Но разве сильный спрячется от факта
Несовершенства мира? От инфаркта?
От беспокойной совести своей?
Живет, вопросы ставя на ребро
Искатель истин в грозном мирозданьи, —
Державный человек, чье состраданье
Стремительно, как сердце и добро.
12 мая 1994
Звучащий пламень
А. Прокопову
Смотри — их лица еще при жизни — как бы портреты.
Стихоснабженцы своей Отчизны, а не поэты,
Усердно ищут в мозгах-копилках строке обнову,
Гуськом выстраивая под копирку за словом слово.
Зачем гордятся своей подругой — тугою думой?

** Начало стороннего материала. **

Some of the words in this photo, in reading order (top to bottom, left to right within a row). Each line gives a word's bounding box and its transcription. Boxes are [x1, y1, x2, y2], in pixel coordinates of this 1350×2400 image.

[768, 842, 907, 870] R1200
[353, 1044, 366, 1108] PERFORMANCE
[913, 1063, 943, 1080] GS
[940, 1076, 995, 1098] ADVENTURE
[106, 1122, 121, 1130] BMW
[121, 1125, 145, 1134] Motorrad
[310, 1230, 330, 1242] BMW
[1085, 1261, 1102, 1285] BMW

Не в строчках дело и мне порукой собрат угрюмый:
Он знает Нечто, и оттого-то чуть не повесясь,
Он бросил разом стихи и водку на целый месяц.
Ах, как сверкает живое Слово, средь звезд играя!

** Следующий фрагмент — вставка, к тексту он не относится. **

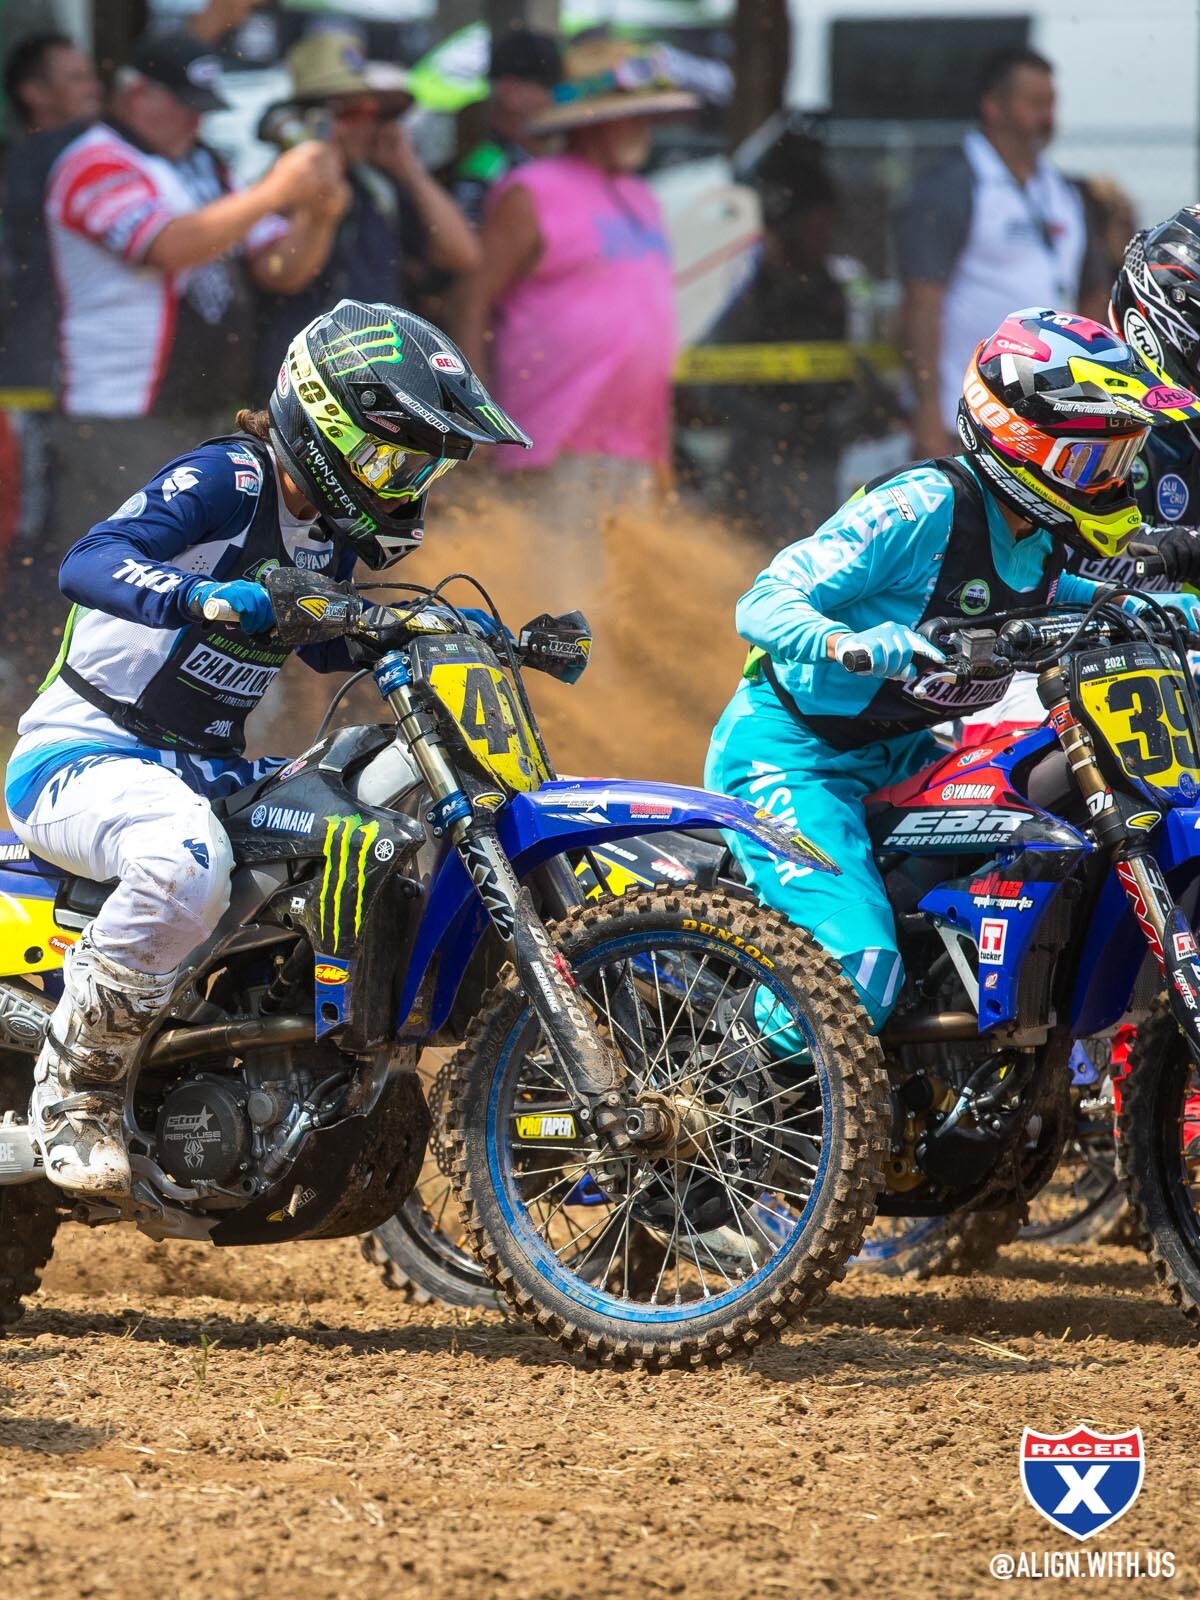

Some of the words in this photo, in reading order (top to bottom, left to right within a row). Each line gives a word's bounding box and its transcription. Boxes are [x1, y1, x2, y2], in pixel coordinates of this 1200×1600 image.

Где дерзновенный, который снова скользнет по краю? —
По самой грани Любви и Света с кошмаром Ночи.
Сияньем звезды, а не монеты закроют очи.
...Ты человеку в утробе века дай человечность! —
Звеня стрелою, летит с тобою, пронзая Вечность,
Звучащий Пламень для будней нудных Земли недужной.

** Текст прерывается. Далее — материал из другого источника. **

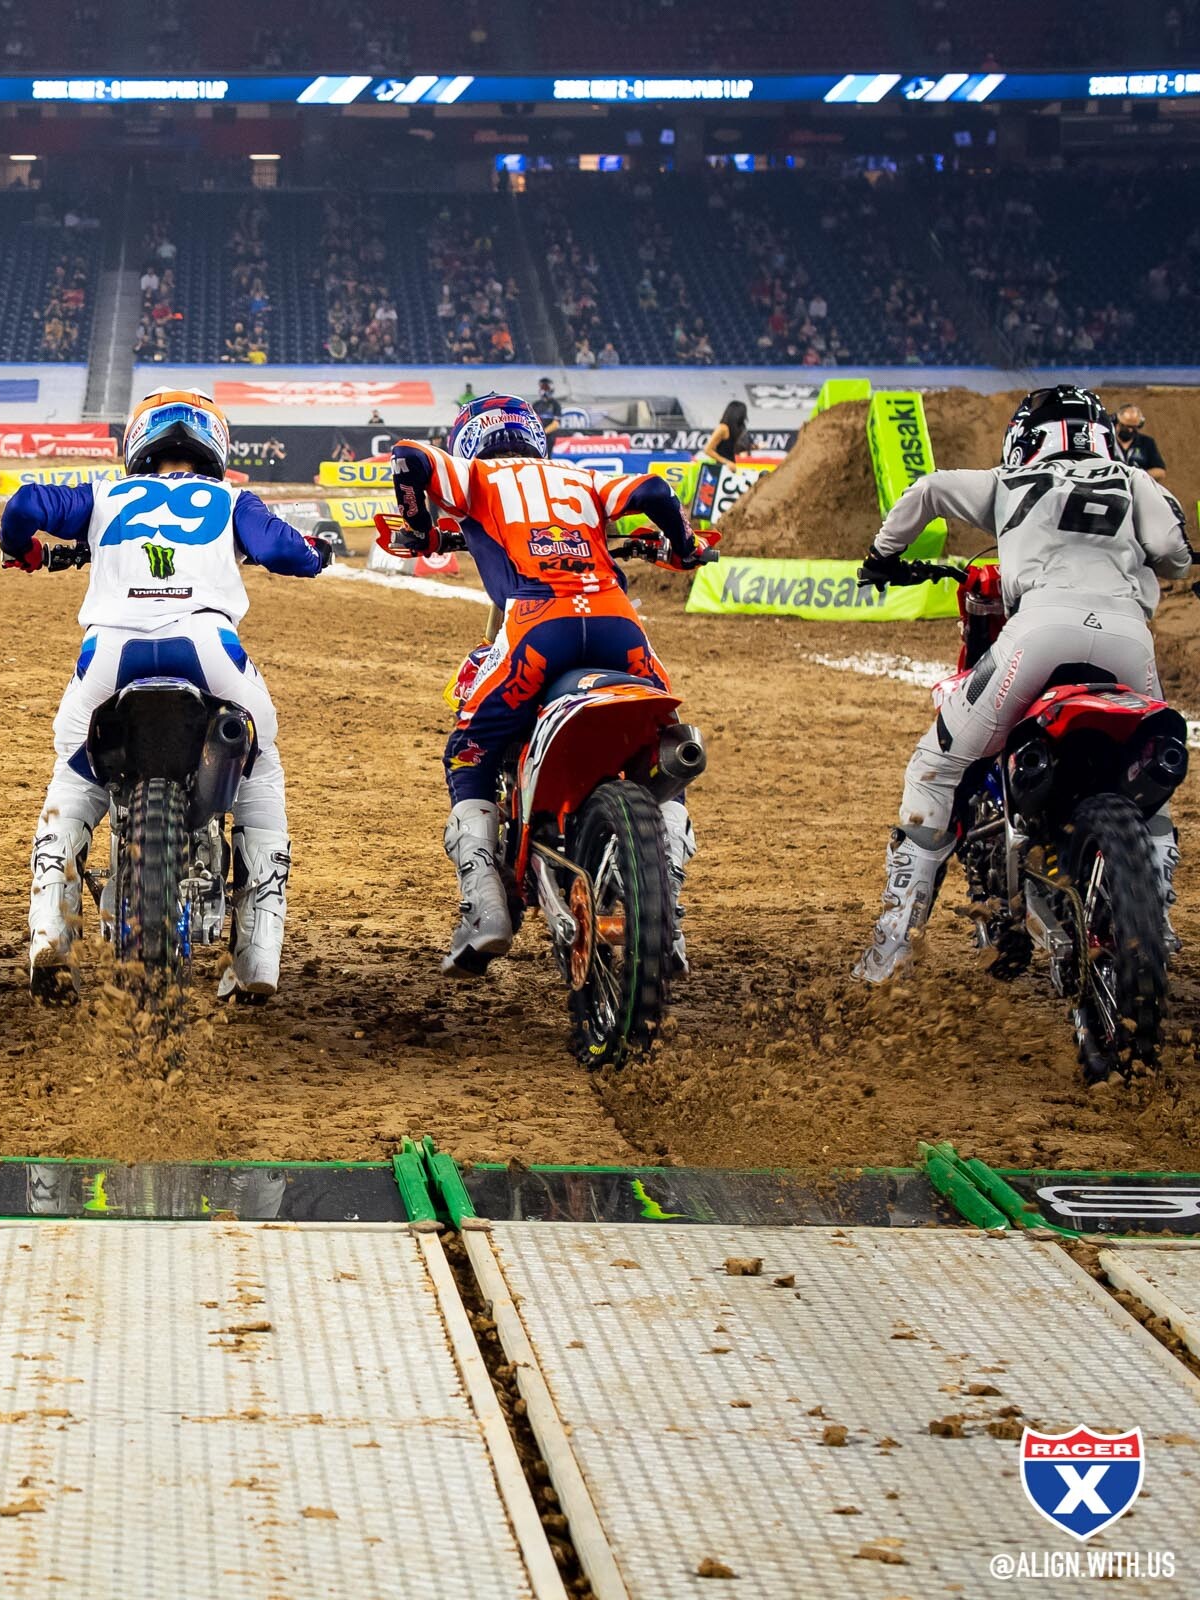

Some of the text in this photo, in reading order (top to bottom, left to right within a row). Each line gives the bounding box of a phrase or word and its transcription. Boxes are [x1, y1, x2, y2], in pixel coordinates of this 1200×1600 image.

[56, 447, 112, 457] HONDA
[571, 444, 627, 454] HONDA
[887, 399, 927, 489] wasaki
[100, 480, 231, 546] 29
[487, 464, 600, 528] 115
[999, 473, 1131, 537] 76
[530, 542, 590, 558] Red Bull
[502, 643, 547, 710] KTM
[998, 649, 1024, 699] HONDA

И это — больно. И это — трудно. Но это — нужно.
8 марта 1994
Лестница в небо
(монолог женщины на пирушке в Рождество)
Не знаю облик своего отца.
Воображенье, вспыхивая ало,
Меняло очертание лица...
...Скажи мне, мать, с кем дочку нагуляла? —
Тебя не помнит первый мой причал:
Там бабушка, там дед и я — ребенок.
(А дед любил и на ноге качал,
И называл не Катька, а Котенок.)
Любовь сильней звучала, чем родство,
И елка зажигалась в Рождество,
И откровенье в комнатке витало.
А с боку дома лестница была,
Манила ввысь и точно б увела,
Но в ней одной ступеньки не хватало.
Ушли и дед, и бабка, где окрест —
Куда ни глянь — то звездочка, то крест.
...А человек со мною рядом — кто он?
Глазами мне за блузку зырк, да зырк.
Но я — не я. И мир — огромный цирк,
И ты, мой милый, на арене клоун.
А я — никто. Ты понимаешь, нет?
Совсем никто. Ни имени, ни тела.
Ты гладишь воздух и к тебе в ответ
Не я, а призрак рвется оголтело.
Поймай меня! Скорее свистнет рак...
Ты посмотри — пусты твои объятья.
...А ну отстань! Какой же ты дурак —
Опять, дурак, пролил вино на платье.
Все ложь! И эта пьянка в Рождество,
И с клоуном слепым прелюбодейство.
Да не было в помине ничего!
Ну ничего совсем!..
...Но было детство.
9 марта 1994
* * *
Памяти друга детства В. Токарева
Мы поздно, мой друг, устремились к добру и Любви,
Мы жили в стране, что вела бесконечную битву,
Не знаю молитву и вновь повторю, как молитву
Ту детскую клятву о дружбе навек — на крови...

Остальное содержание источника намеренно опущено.